General characteristics as built
- Type: Destroyer
- Displacement: 1,595 t (1,570 long tons) (standard); 2,154 t (2,120 long tons) (full load);
- Length: 102.11 m (335 ft 0 in)
- Beam: 9.68 m (31 ft 9 in)
- Draught: 3.81 m (12 ft 6 in)
- Propulsion: 2 shaft Parsons geared steam turbines; 4 × 3-drum boilers, 42,000 hp (31,000 kW);
- Speed: 36 knots (67 km/h; 41 mph)
- Range: 4,500 nmi (8,300 km; 5,200 mi) at 14 kn (26 km/h; 16 mph)
- Complement: 160
- Armament: 5 × single 4.7 in (119 mm) QF Mark IX guns; 1 × 3 in (76 mm) AA gun; 2 × 2-pounder pom poms; 2 × triple 21 in (533 mm) torpedo tubes;

= Mendoza-class destroyer =

The Mendoza class were a series of three destroyers built in the United Kingdom for the Argentine Navy in the 1920s. They were the first part of the Argentine re-armament programme of the 1920s. Construction began in 1927 and all three were commissioned in 1929. All three destroyers were converted to anti-aircraft escorts in 1958 and remained in service until 1962 when they were discarded.

== Design ==

The ships were based on the British Admiralty type flotilla leader design built at the end of World War I, with minor modifications. The Mendoza-class destroyers had a standard displacement of 1570 LT and were 2120 LT at full load. The vessels were 102.11 m long overall and 101.2 m long at the waterline. They had a beam of 9.68 m and a mean draught of 3.81 m.

The Mendoza class were equipped with Parsons single-reduction geared turbines powered by steam provided by four 250 psi three-drum boilers. The turbines turned two shafts rated at 42000 shp giving the destroyers a maximum designed speed of 36 kn. The ships carried 540 LT of fuel oil and had a range of 4500 nmi at 14 kn. The destroyers had a complement of 160 officers and ratings.

Ships of the Mendoza class were equipped with five 4.7 in QF Mark IX guns located in single turrets along the centreline of the ship. The Mendoza-class destroyers were also given one 3 in gun for anti-aircraft (AA) defence and two 2-pounder pom poms. They were also armed with six 21 in torpedo tubes in two triple mounts. The 3-inch, both 2-pounder and "Q" gun were later swapped out for six 40 mm Bofors guns in 3 twin mountings for AA defense, arranged either side and abaft the second funnel.

== Ships in class ==

Construction data
| Ship | Pennant number | Builder | Launched | Commissioned | Fate |
| Mendoza | E-3 | J. Samuel White & Co, Cowes | 18 July 1928 | 24 January 1929 | Discarded, 30 April 1962 |
| La Rioja | E-4 | 2 February 1929 | 23 July 1929 |
| Tucuman | E-5 | 16 October 1928 | 3 May 1929 |

==Service history==
Contracts were placed with J. Samuel White in 1927 as part of the Argentine Navy's modernisation programme.
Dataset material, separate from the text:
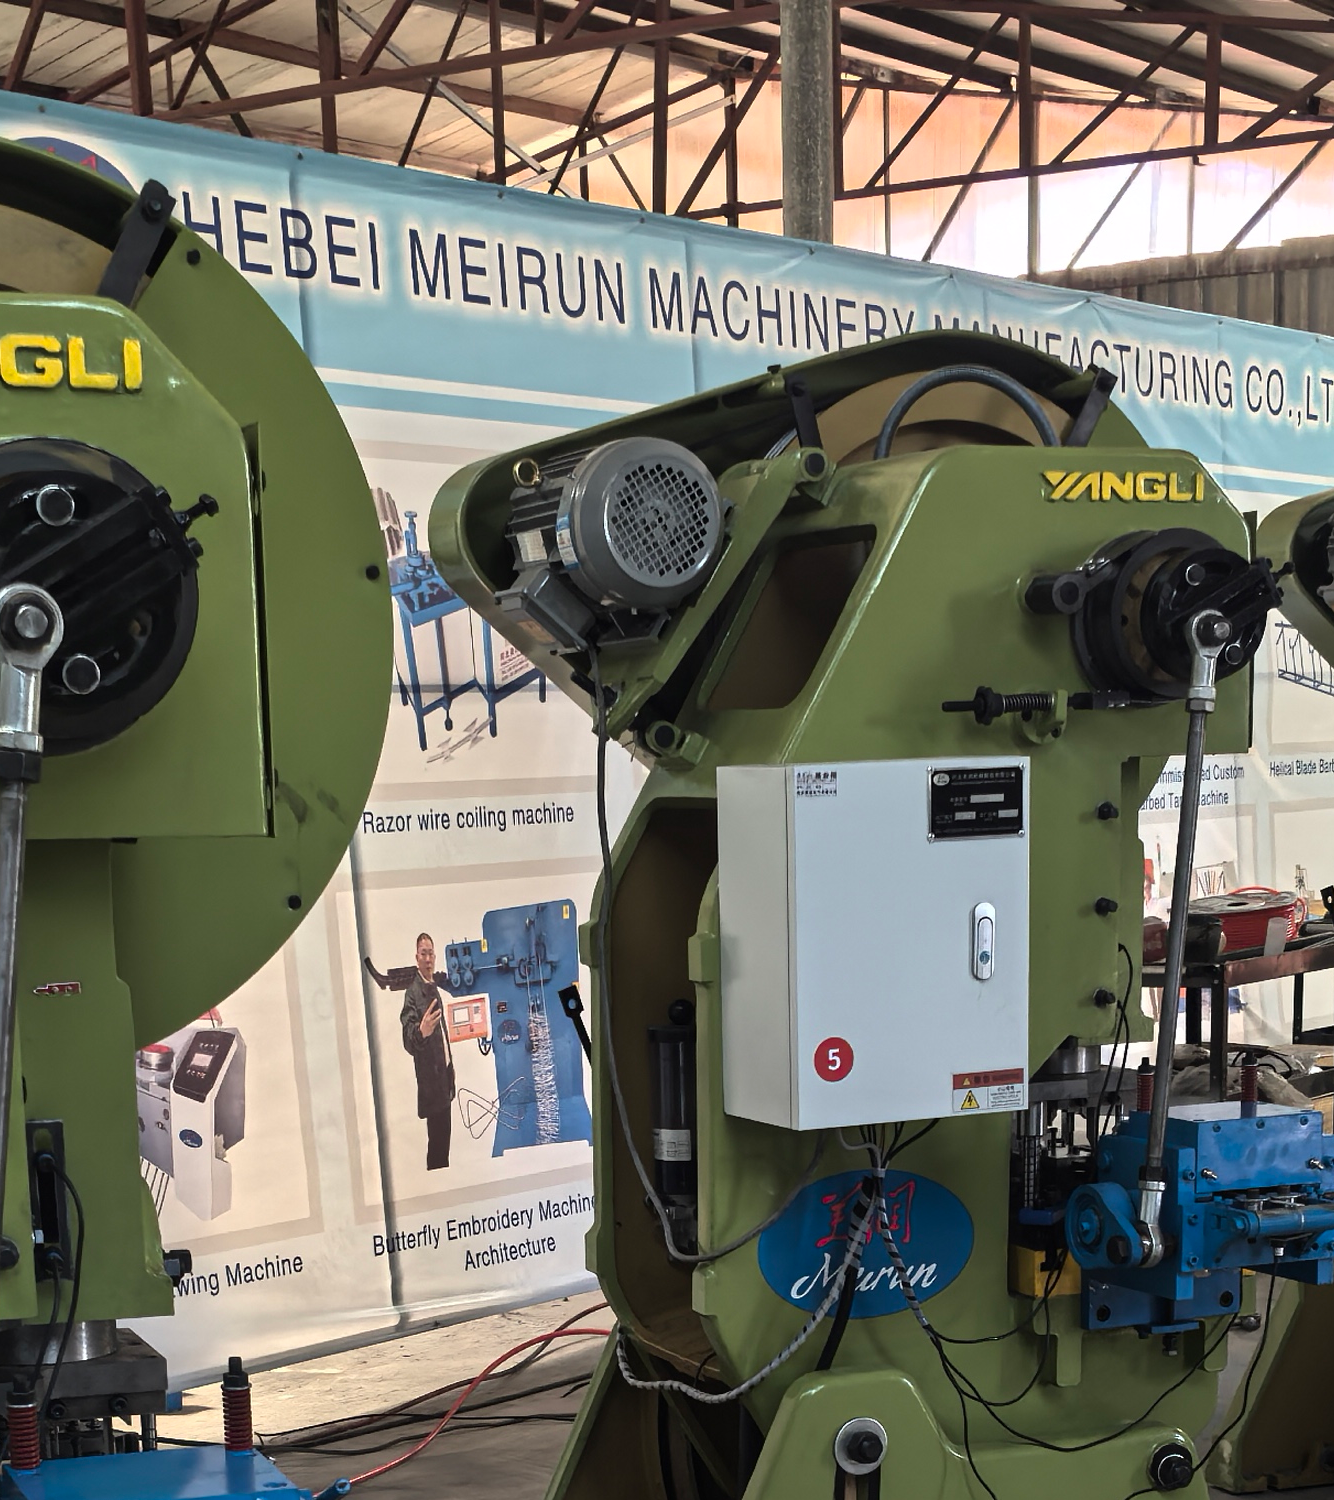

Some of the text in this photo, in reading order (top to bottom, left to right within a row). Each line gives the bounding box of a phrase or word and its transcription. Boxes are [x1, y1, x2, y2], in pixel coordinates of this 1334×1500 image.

The three vessels took on the names of destroyers under construction during World War I that had been appropriated by France and Germany. All three ships exceeded their design speed during sea trials, with La Rioja reaching the fastest speed at 39.4 kn without exceeding the limits of its engines. After all three ships had been accepted by the Argentine Navy, the three destroyers sailed for Argentina together from the United Kingdom, stopping only at Lisbon, Portugal en route. Argentina remained neutral during World War II.

In 1952, the Mendoza class' designation was changed from Exploradores (destroyer) to Torpederos (destroyer escort) in 1952 and their pennant numbers changed from "E" to "T" to reflect that. La Rioja and Tucuman were laid up that year and disarmed. The class were converted to anti-submarine escorts in 1958. Mendoza remained in service until 1961, when the last of the class was decommissioned. The class was discarded on 30 April 1962 and replaced with former United States Navy ships that were acquired cheaply.

== See also ==
- List of ships of the Argentine Navy

== Bibliography ==
- Blackman, Raymond V. B. (1953). "Jane's Fighting Ships 1953–54"
- Chesneau, Roger (1980). "Conway's All the World's Fighting Ships 1922–1946"
- Gardiner, Robert (1995). "Conway's All the World's Fighting Ships 1947–1995"
- Whitley, M. J. (2000). "Destroyers of World War Two: An International Encyclopedia"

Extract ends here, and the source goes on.